Concealing information has another ramification: if we don't know, there is no one to ask why. The eight Palestinians were killed in Rafah during the destruction of the tunnels without the question being asked as to whether this mission was justified at any means, at any price.
This is a deliberate aim. It permits presenting the Palestinians as the only guilty party, and it falls on fertile ground. The majority of the public doesn't want to know what the IDF is really doing in the occupied territories. But the media, therefore, are in serious breach of their duty. Both those who support the occupation and those who are against it are entitled to get complete information about the price it exacts. The presentation of killing as such a marginal matter also sends a dangerous message to Israeli soldiers: there is nothing terrible about killing more and more Palestinians
On Thursday, 15 passersby were wounded in the targeted killing of Islamic Jihad activist Makled Hamid in Gaza. Last week, three children, one of them five years old, were killed in Balata refugee camp, near Nablus. The week before, three children were killed on one Saturday in Jenin and in nearby Burkin. Two Palestinians were killed recently along the fence in Gaza, trying to enter Israel to find work. Six Palestinians were killed in Rafah in the previous tunnel operation in the middle of the month. Increasing numbers of children were shot to death near the Qalandiyah refugee camp. All of these cases rated barely a mention in the media. But behind each Palestinian victim is family and friends, and hatred springs up from their graves.

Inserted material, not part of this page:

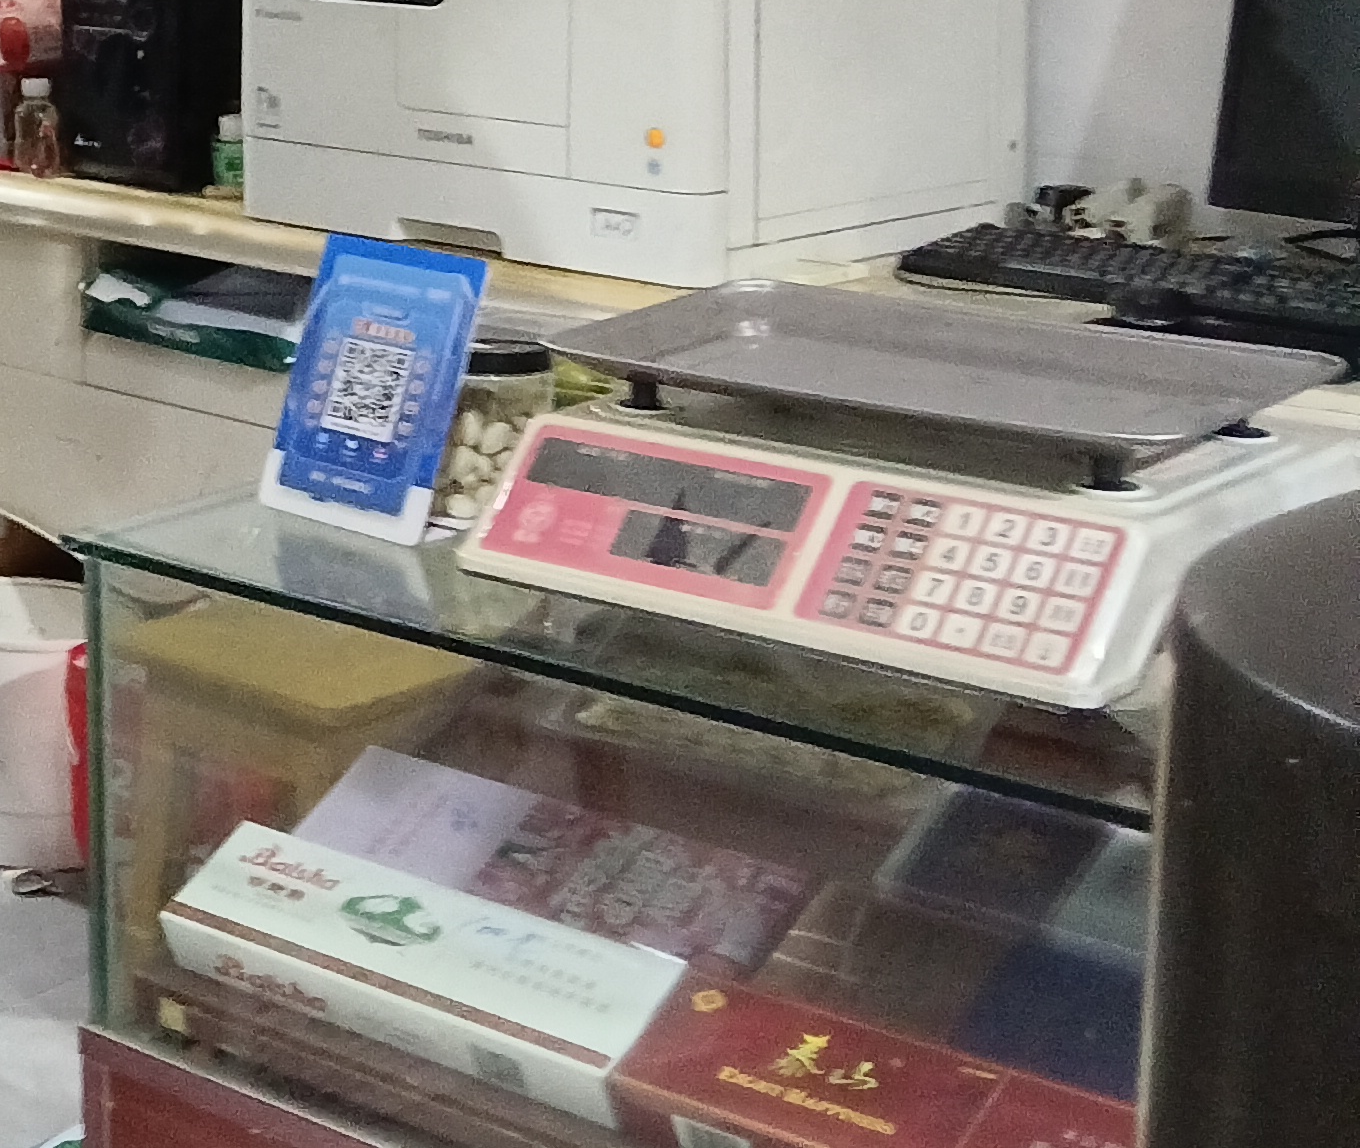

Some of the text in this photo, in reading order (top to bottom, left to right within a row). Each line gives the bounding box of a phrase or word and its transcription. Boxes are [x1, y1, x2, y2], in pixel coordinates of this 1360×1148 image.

Ibrahim Abd el Kadr, from Qalandiyah, who a few months ago lost his eldest son, Fares, when the fourteen-and-a-half-year-old was shot in the head by soldiers, swore to take revenge. Is it so difficult to understand him?
There is, therefore, an Israeli price to the many concealed Palestinian dead. They are incentives to terrorism. Their exclusion from our agenda cannot make the results of their killing disappear as well. Would Hanani have carried out his killing operation at Geha Junction if he had grown up in humane conditions and if his relative had not been assassinated? That question should be very disturbing to us. In the meantime, though, it's not even on the agenda.